32

I'm wondering if there is a lightweight way I could use JavaScript or jQuery to sniff out a specific text character across a document; say and find all instances of this character. And then! Write an ability to replace all instances of this with say a $.

I found this snippet for starters:

var str = 'test: '';

str = str.replace(/'/g, "'");

Essentially; I am wanting a solution for a one page document. Grab all instances of X and make it XY. Only text characters.

fred randall
  • 7,023
  • 18
  • 73
  • 167
  • 2
    Yes, there probably is a way to do that, though the simplest way would also remove all event handlers and element data from your page. `$("body").html( $(body).html().replace(/\€/g,'$') )` this is a bad way of doing it. – Kevin B Sep 05 '13 at 18:49
  • 2
    If you wanted to avoid losing events and element data, it gets far more complex. – Kevin B Sep 05 '13 at 18:50
  • 1
    Thanks @KevinB -- I'd like to flesh this out further. Just something I am curious about.

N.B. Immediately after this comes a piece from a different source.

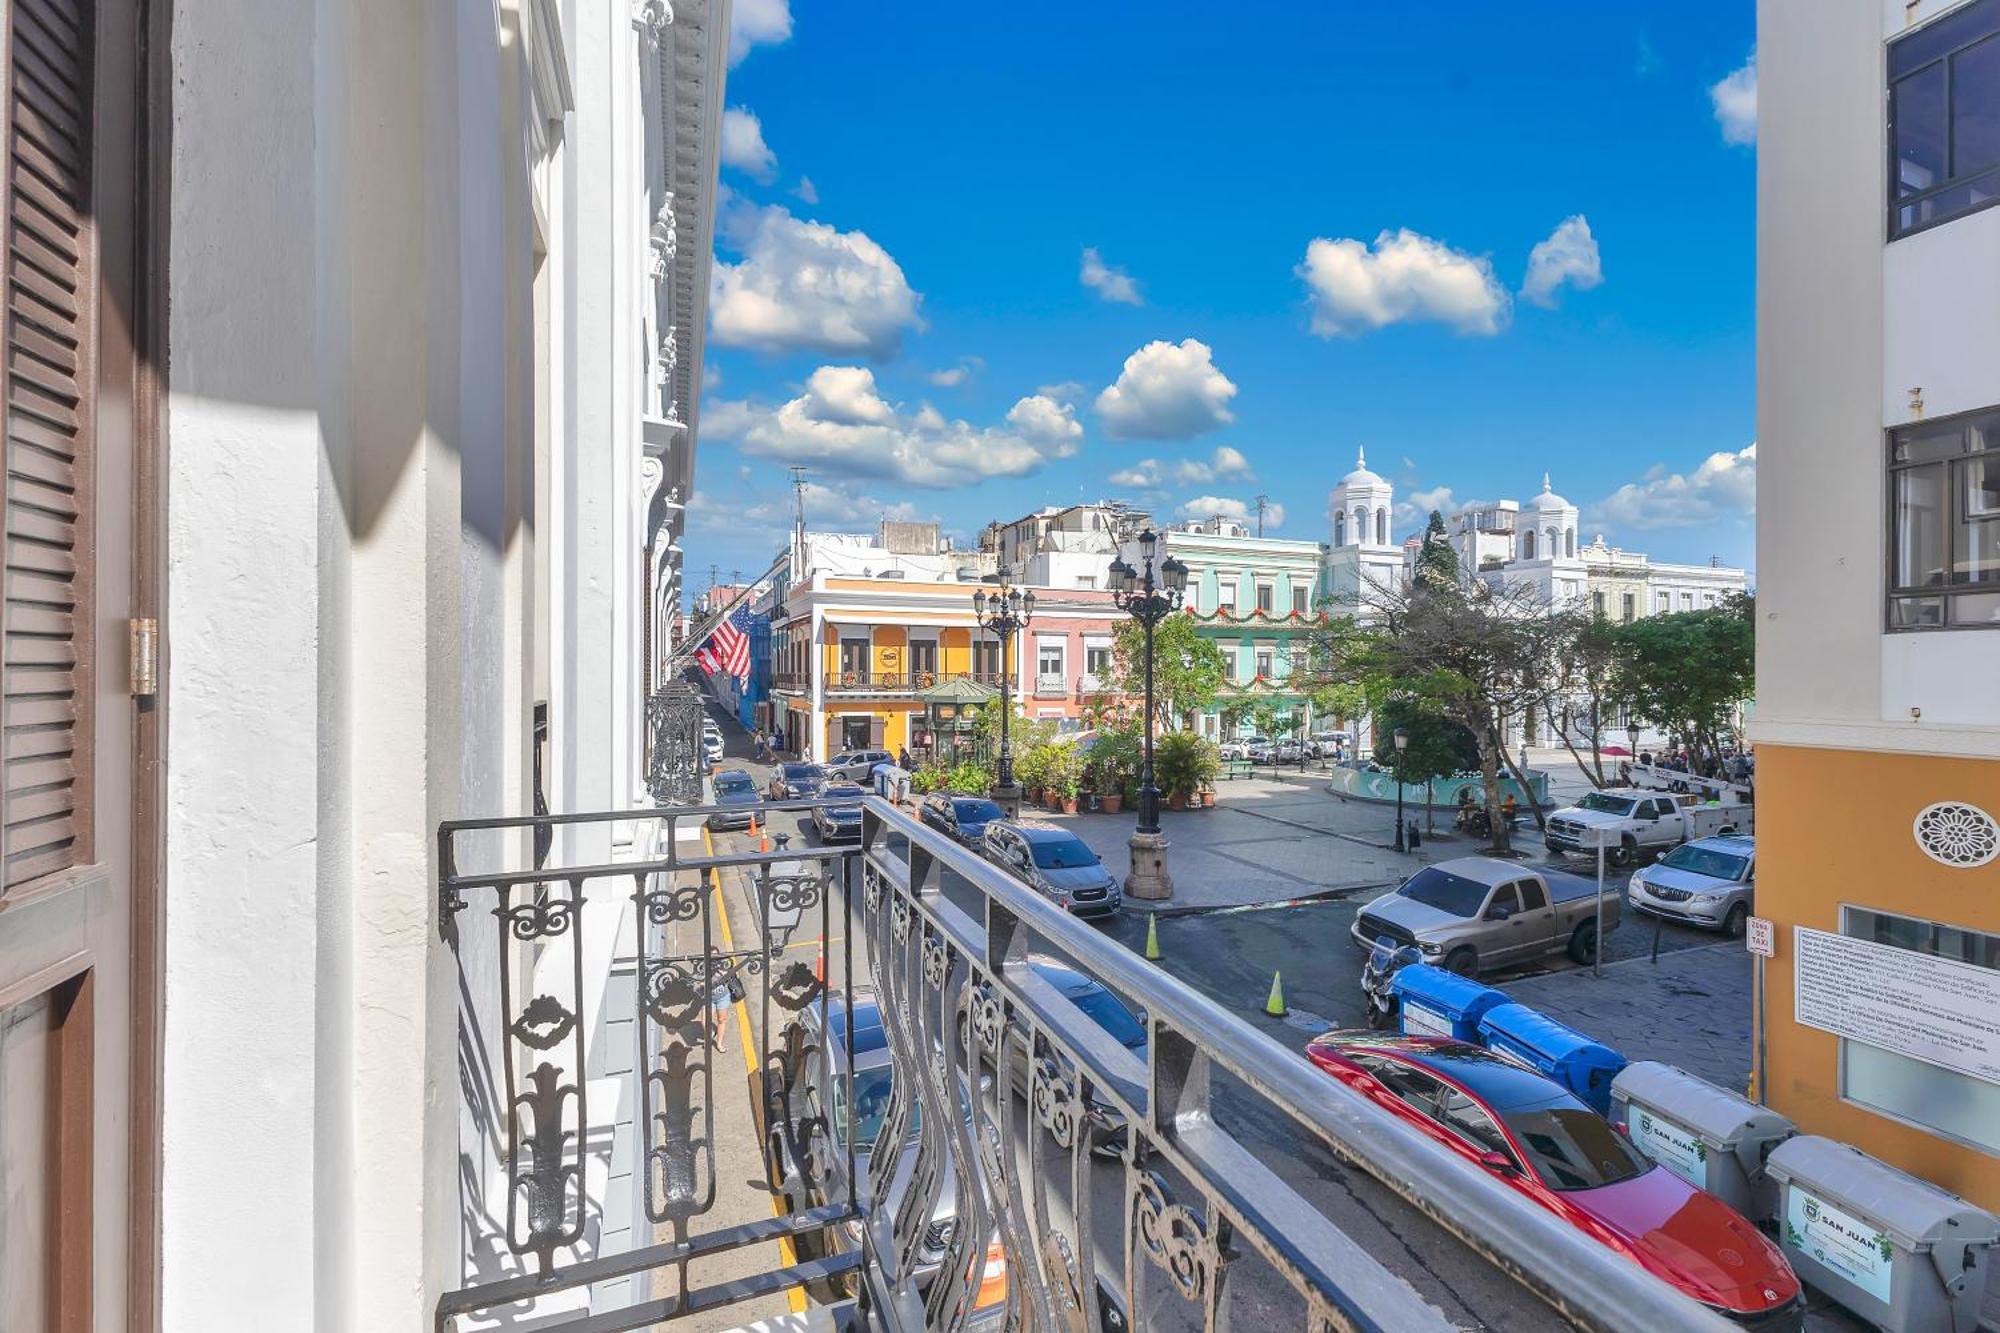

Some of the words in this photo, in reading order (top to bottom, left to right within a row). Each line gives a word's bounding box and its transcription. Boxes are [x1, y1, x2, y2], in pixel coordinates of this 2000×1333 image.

What could I add to be more specific? – fred randall Sep 05 '13 at 19:01
  • 2
    The best thing would be to do it server-side, but if that isn't an option, client-side you would need to select all text nodes in the document, iterate over them, then perform the replace on each text node individually. – Kevin B Sep 05 '13 at 19:05
  • 1
    Here's a sample using a plugin i wrote a while back to highlight text. http://jsfiddle.net/2t8TV/1/ I used it to wrap all occurrences of `€` with a span, then i replaced the text inside of those spans. – Kevin B Sep 05 '13 at 19:09

14 Answers14

37

How about this, replacing @ with $:

$("body").children().each(function () {
    $(this).html( $(this).html().replace(/@/g,"$") );
});

http://jsfiddle.net/maximua/jp96C/1/

017Bluefield
  • 161
  • 2
  • 13
Max Malyk
  • 850
  • 5
  • 8
  • 4
    Adding `i` to the regex will give you a case-insensitive search if you're replacing alpha characters `.replace(/soMeWord/gi,"Another Word"));` – Dylan Valade Feb 23 '14 at 20:20
  • 1
    @DavidBailey good catch, including spaces before and after allowed me to reduce that chance – D34dman Oct 21 '16 at 15:17
22

My own suggestion is as follows:

function nativeSelector() {
    var elements = document.querySelectorAll("body, body *");
    var results = [];
    var child;
    for(var i = 0; i < elements.length; i++) {
        child = elements[i].childNodes[0];
        if(elements[i].hasChildNodes() && child.nodeType == 3) {
            results.push(child);
        }
    }
    return results;
}

var textnodes = nativeSelector(),
    _nv;
for (var i = 0, len = textnodes.length; i<len; i++){
    _nv = textnodes[i].nodeValue;
    textnodes[i].nodeValue = _nv.replace(/£/g,'€');
}

JS Fiddle demo.

The nativeSelector() function comes from an answer (posted by Anurag) to this question: getElementsByTagName() equivalent for textNodes.

Community
  • 1
  • 1
David says reinstate Monica
  • 230,743
  • 47
  • 350
  • 385
19

ECMAScript 2015+ approach

Pitfalls when solving this task

This seems like an easy task, but you have to take care of several things:

  • Simply replacing the entire HTML kills all DOM functionality, like event listeners
  • Replacing the HTML may also replace <script> or <style> contents, or HTML tags or attributes, which is not always desired
  • Changing the HTML may result in an attack
  • You may want to replace attributes like title and alt (in a controlled manner) as well

Guarding against attacks generally can’t be solved by using the approaches below. E.g. if a fetch call reads a URL from somewhere on the page, then sends a request to that URL, the functions below won’t stop that, since this scenario is inherently unsafe.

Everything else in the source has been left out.